### [TO DO]
Every record needs to be set down again without a single difference.

### [Saved data entries]
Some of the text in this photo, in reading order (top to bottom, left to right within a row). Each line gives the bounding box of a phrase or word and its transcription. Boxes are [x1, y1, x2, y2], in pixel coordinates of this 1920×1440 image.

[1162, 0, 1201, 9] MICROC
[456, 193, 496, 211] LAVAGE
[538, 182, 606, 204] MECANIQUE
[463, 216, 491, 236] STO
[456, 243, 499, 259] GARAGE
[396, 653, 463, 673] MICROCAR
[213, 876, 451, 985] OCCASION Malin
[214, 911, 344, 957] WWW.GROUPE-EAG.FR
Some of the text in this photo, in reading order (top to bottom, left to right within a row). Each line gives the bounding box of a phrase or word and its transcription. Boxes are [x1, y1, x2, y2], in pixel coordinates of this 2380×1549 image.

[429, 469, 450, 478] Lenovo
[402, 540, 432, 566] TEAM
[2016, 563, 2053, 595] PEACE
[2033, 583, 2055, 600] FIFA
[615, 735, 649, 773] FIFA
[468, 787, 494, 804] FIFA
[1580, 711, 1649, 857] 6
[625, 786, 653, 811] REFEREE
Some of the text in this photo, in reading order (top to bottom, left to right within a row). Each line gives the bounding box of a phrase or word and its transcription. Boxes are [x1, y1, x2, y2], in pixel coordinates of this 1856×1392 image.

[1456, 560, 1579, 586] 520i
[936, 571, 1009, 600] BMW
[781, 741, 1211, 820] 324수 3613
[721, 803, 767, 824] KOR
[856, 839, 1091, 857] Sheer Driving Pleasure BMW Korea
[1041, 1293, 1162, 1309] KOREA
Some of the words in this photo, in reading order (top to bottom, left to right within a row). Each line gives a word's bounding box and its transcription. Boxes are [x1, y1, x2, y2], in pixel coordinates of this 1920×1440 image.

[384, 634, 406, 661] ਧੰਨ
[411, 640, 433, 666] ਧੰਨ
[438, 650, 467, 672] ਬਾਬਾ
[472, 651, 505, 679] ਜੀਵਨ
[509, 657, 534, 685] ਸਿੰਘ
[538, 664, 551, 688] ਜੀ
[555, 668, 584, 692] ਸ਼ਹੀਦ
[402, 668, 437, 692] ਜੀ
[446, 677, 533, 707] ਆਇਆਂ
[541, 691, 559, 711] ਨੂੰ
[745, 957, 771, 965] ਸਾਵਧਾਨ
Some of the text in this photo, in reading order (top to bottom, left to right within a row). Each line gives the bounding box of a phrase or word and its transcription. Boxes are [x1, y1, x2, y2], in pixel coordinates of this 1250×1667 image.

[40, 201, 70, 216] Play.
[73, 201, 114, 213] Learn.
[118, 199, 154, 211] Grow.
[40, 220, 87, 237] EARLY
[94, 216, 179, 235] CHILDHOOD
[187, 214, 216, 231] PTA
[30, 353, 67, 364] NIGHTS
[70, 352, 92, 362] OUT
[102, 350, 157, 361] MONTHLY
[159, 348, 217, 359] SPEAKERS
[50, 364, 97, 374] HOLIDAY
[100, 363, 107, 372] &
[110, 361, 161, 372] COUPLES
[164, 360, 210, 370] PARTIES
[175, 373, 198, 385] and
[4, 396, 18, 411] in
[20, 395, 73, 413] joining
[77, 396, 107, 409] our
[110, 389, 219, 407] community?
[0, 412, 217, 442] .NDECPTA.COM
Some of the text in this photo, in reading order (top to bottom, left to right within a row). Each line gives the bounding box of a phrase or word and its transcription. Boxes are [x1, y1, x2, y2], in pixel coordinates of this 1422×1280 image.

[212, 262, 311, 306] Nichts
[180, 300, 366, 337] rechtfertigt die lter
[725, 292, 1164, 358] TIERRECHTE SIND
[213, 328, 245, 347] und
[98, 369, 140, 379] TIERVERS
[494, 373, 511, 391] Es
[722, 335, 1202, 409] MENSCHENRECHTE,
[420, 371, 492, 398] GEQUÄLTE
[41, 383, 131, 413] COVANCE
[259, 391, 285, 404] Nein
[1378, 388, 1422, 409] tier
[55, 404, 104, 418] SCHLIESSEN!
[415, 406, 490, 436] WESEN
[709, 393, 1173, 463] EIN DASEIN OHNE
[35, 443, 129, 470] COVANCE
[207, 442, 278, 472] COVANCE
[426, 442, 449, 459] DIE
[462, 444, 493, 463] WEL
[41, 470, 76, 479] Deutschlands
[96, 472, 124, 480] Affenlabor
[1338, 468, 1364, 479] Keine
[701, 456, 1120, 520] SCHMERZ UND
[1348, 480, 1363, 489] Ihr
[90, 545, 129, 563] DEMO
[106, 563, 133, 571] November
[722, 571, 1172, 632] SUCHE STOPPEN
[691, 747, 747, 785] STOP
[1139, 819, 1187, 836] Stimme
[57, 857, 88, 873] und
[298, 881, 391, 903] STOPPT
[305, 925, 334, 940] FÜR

### [COMPLETED EXERCISE]
Some of the text in this photo, in reading order (top to bottom, left to right within a row). Each line gives the bounding box of a phrase or word and its transcription. Boxes are [x1, y1, x2, y2], in pixel coordinates of this 1920×1440 image.

[1162, 0, 1201, 9] MICROC
[456, 193, 496, 211] LAVAGE
[538, 182, 606, 204] MECANIQUE
[463, 216, 491, 236] STO
[456, 243, 499, 259] GARAGE
[396, 653, 463, 673] MICROCAR
[213, 876, 451, 985] OCCASION Malin
[214, 911, 344, 957] WWW.GROUPE-EAG.FR
Some of the text in this photo, in reading order (top to bottom, left to right within a row). Each line gives the bounding box of a phrase or word and its transcription. Boxes are [x1, y1, x2, y2], in pixel coordinates of this 2380×1549 image.

[429, 469, 450, 478] Lenovo
[402, 540, 432, 566] TEAM
[2016, 563, 2053, 595] PEACE
[2033, 583, 2055, 600] FIFA
[615, 735, 649, 773] FIFA
[468, 787, 494, 804] FIFA
[1580, 711, 1649, 857] 6
[625, 786, 653, 811] REFEREE
Some of the text in this photo, in reading order (top to bottom, left to right within a row). Each line gives the bounding box of a phrase or word and its transcription. Boxes are [x1, y1, x2, y2], in pixel coordinates of this 1856×1392 image.

[1456, 560, 1579, 586] 520i
[936, 571, 1009, 600] BMW
[781, 741, 1211, 820] 324수 3613
[721, 803, 767, 824] KOR
[856, 839, 1091, 857] Sheer Driving Pleasure BMW Korea
[1041, 1293, 1162, 1309] KOREA
Some of the words in this photo, in reading order (top to bottom, left to right within a row). Each line gives a word's bounding box and its transcription. Boxes are [x1, y1, x2, y2], in pixel coordinates of this 1920×1440 image.

[384, 634, 406, 661] ਧੰਨ
[411, 640, 433, 666] ਧੰਨ
[438, 650, 467, 672] ਬਾਬਾ
[472, 651, 505, 679] ਜੀਵਨ
[509, 657, 534, 685] ਸਿੰਘ
[538, 664, 551, 688] ਜੀ
[555, 668, 584, 692] ਸ਼ਹੀਦ
[402, 668, 437, 692] ਜੀ
[446, 677, 533, 707] ਆਇਆਂ
[541, 691, 559, 711] ਨੂੰ
[745, 957, 771, 965] ਸਾਵਧਾਨ
Some of the text in this photo, in reading order (top to bottom, left to right within a row). Each line gives the bounding box of a phrase or word and its transcription. Boxes are [x1, y1, x2, y2], in pixel coordinates of this 1250×1667 image.

[40, 201, 70, 216] Play.
[73, 201, 114, 213] Learn.
[118, 199, 154, 211] Grow.
[40, 220, 87, 237] EARLY
[94, 216, 179, 235] CHILDHOOD
[187, 214, 216, 231] PTA
[30, 353, 67, 364] NIGHTS
[70, 352, 92, 362] OUT
[102, 350, 157, 361] MONTHLY
[159, 348, 217, 359] SPEAKERS
[50, 364, 97, 374] HOLIDAY
[100, 363, 107, 372] &
[110, 361, 161, 372] COUPLES
[164, 360, 210, 370] PARTIES
[175, 373, 198, 385] and
[4, 396, 18, 411] in
[20, 395, 73, 413] joining
[77, 396, 107, 409] our
[110, 389, 219, 407] community?
[0, 412, 217, 442] .NDECPTA.COM
Some of the text in this photo, in reading order (top to bottom, left to right within a row). Each line gives the bounding box of a phrase or word and its transcription. Boxes are [x1, y1, x2, y2], in pixel coordinates of this 1422×1280 image.

[212, 262, 311, 306] Nichts
[180, 300, 366, 337] rechtfertigt die lter
[725, 292, 1164, 358] TIERRECHTE SIND
[213, 328, 245, 347] und
[98, 369, 140, 379] TIERVERS
[494, 373, 511, 391] Es
[722, 335, 1202, 409] MENSCHENRECHTE,
[420, 371, 492, 398] GEQUÄLTE
[41, 383, 131, 413] COVANCE
[259, 391, 285, 404] Nein
[1378, 388, 1422, 409] tier
[55, 404, 104, 418] SCHLIESSEN!
[415, 406, 490, 436] WESEN
[709, 393, 1173, 463] EIN DASEIN OHNE
[35, 443, 129, 470] COVANCE
[207, 442, 278, 472] COVANCE
[426, 442, 449, 459] DIE
[462, 444, 493, 463] WEL
[41, 470, 76, 479] Deutschlands
[96, 472, 124, 480] Affenlabor
[1338, 468, 1364, 479] Keine
[701, 456, 1120, 520] SCHMERZ UND
[1348, 480, 1363, 489] Ihr
[90, 545, 129, 563] DEMO
[106, 563, 133, 571] November
[722, 571, 1172, 632] SUCHE STOPPEN
[691, 747, 747, 785] STOP
[1139, 819, 1187, 836] Stimme
[57, 857, 88, 873] und
[298, 881, 391, 903] STOPPT
[305, 925, 334, 940] FÜR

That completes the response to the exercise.